Por revistaeyn.com
Las empresas multinacionales que operan en Costa Rica están redefiniendo el perfil del talento que necesitan para escalar sus operaciones en suelo nacional.
Según el más reciente extracto del estudio Estadísticas Vitales, Carreras de Mayor Demanda, elaborado por CINDE, los tres sectores más dinámicos de la economía costarricense coinciden en demandar profesionales con formación en ingenierías, administración de empresas y finanzas, con divergencias en las especialidades técnicas y certificaciones, según el sector.
“Este estudio nace de la necesidad de darle al ecosistema de formación una brújula concreta. Costa Rica compite globalmente por inversiones de alto valor y eso exige entender con precisión qué talento necesitan las multinacionales hoy y cómo cambian ante la disrupción tecnológica que atravesamos, afirmó Marianela Urgellés, directora General de CINDE.
En el sector de servicios corporativos y tecnologías digitales, las carreras universitarias más demandadas son Administración de Empresas, Finanzas y Contaduría e Ingeniería Industrial, seguidas por Ingeniería en Sistemas, Ingeniería en Tecnologías de la Información y Administración de Negocios con énfasis en Recursos Humanos.
Uno de los hallazgos más significativos respecto a 2022 es la diversificación de la demanda. La necesidad genérica de ingenierías vinculadas a informática migró hacia perfiles más específicos como Ingeniería en Sistemas, Ingeniería en Tecnologías de la Información e Ingeniería en Computación, lo que indica que las empresas buscan especialistas con dominio de arquitecturas concretas.

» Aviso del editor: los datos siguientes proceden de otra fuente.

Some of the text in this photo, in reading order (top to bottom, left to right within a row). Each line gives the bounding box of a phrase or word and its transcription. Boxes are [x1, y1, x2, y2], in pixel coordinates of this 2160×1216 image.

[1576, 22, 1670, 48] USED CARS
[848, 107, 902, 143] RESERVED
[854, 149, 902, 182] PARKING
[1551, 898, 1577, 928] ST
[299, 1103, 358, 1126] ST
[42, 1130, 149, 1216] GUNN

En el plano técnico, las especialidades más solicitadas son Ejecutivo Comercial y Servicio al Cliente, Contabilidad y Finanzas, y Administración de Empresas, junto con Informática en Desarrollo de Software, Informática de Redes y Computadoras, Análisis de Datos e Inteligencia Artificial. Las certificaciones específicas más valoradas son Project Management, Six Sigma, Microsoft Azure, AWS, Salesforce Admin, Linux y Python.
El sector de ciencias de la vida tiene como enfoque crítico la precisión industrial, el cumplimiento regulatorio estricto y la optimización de procesos. Las carreras universitarias más demandadas son Ingeniería Industrial, Administración de Empresas e Ingeniería de Calidad, esta última con un ingreso directo al tercer puesto que no existía en 2022, lo cual refleja la creciente exigencia de organismos como la FDA y estándares como ISO 13485.

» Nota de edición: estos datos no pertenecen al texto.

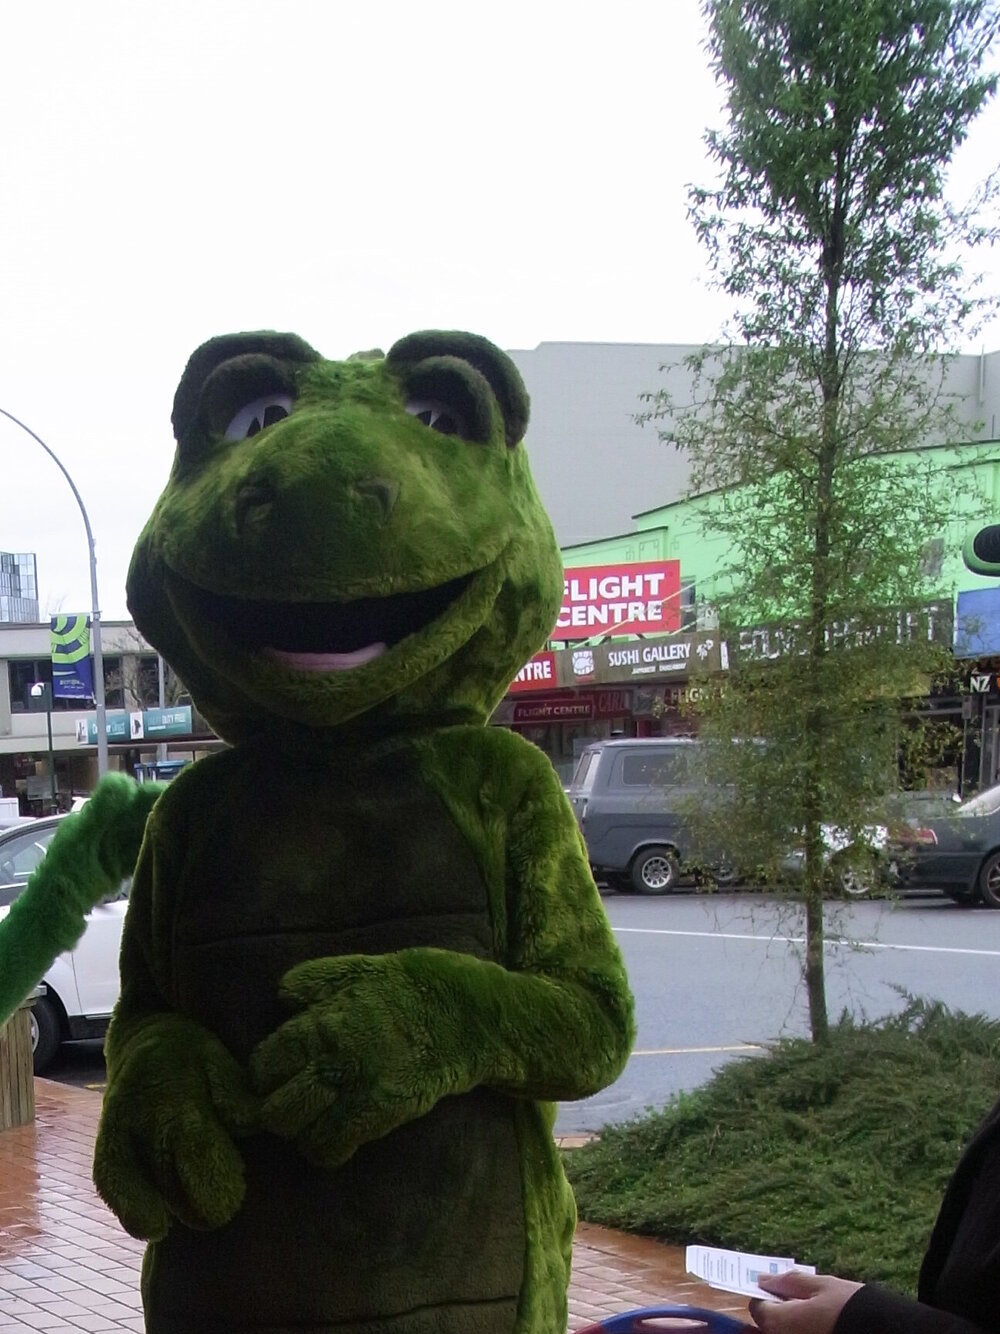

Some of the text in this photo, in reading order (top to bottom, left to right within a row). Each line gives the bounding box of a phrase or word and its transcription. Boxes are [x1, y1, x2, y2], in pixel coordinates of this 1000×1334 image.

[556, 600, 662, 627] CENTRE
[608, 648, 640, 667] SUSHI
[643, 643, 691, 663] GALLERY
[970, 675, 993, 693] NZ
[517, 704, 591, 718] FLIGHT CENTRE
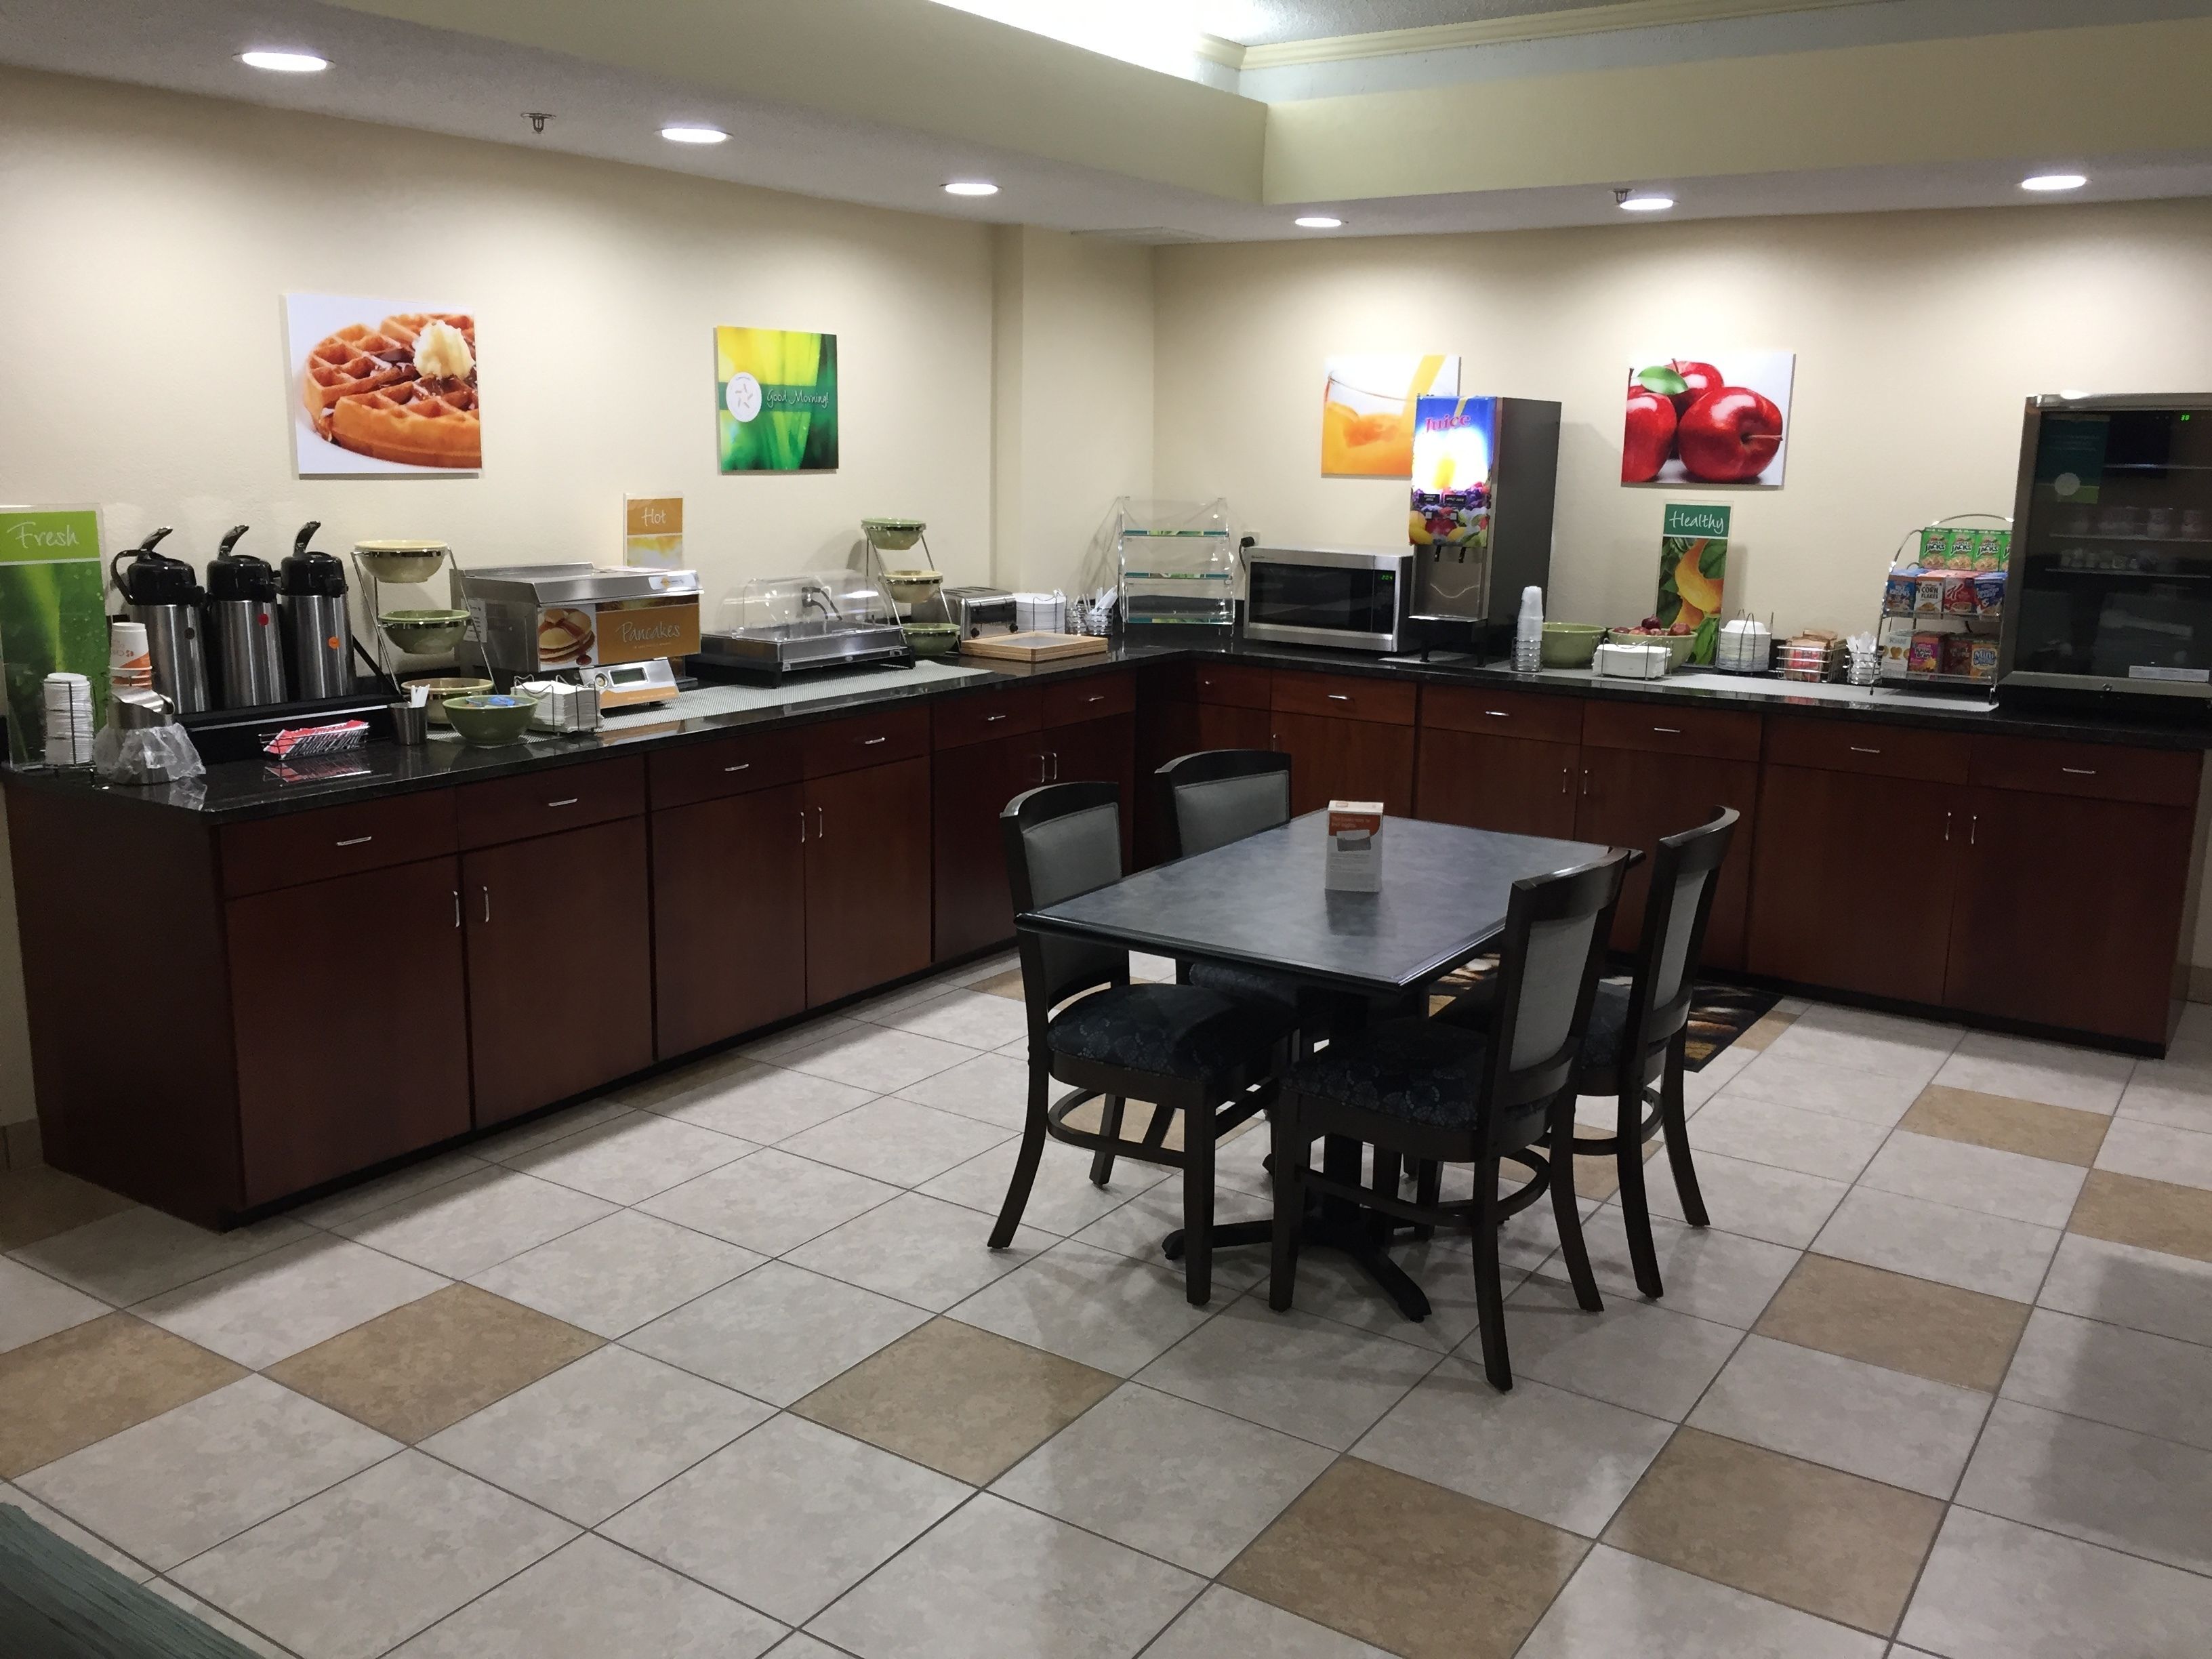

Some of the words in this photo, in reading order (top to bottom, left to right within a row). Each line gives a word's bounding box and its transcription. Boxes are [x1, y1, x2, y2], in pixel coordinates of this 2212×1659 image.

[767, 389, 787, 408] Good
[788, 390, 829, 409] Morning!
[1425, 413, 1471, 433] Juice
[641, 507, 666, 527] Hot
[1669, 510, 1724, 534] Healthy
[7, 521, 80, 549] Fresh
[615, 621, 680, 642] Pancakes

Un cambio estructural relevante respecto a 2022 es que carreras como Química, Ingeniería en Materiales y Microbiología salieron del ranking, reemplazadas por perfiles de ingeniería aplicada.
“Vemos cómo el sector de nuestro principal producto de exportación está transitando de las ciencias puras hacia disciplinas con aplicación directa en manufactura avanzada y automatización de procesos productivos”, añadió Vanessa Gibson, directora de Clima de Inversión de CINDE.
En especialidades técnicas, Gestión de la Producción, Mecánica de Precisión y Mantenimiento Industrial encabezan la lista. En certificaciones, el 60 % de la demanda se concentra en Calidad Lean y Regulación, con Six Sigma, ISO 13485, GMP, Regulación FDA y Electromecánica como las credenciales más solicitadas.
El sector Manufactura experimenta la transformación más pronunciada en su demanda de talento. Las carreras universitarias más requeridas son Ingeniería Industrial, Ingeniería Química e Ingeniería Electrónica, seguidas por Administración de Empresas, Ingeniería Eléctrica, Ingeniería Electromecánica, Finanzas y Contaduría, Ingeniería Mecatrónica, Química y Administración de Empresas con énfasis en Recursos Humanos. Respecto a 2022, Ingeniería Química escaló del sexto al segundo puesto, lo que podría señalar la expansión de operaciones con procesos químicos en el país. Ingeniería Electrónica ingresó directamente al tercer lugar.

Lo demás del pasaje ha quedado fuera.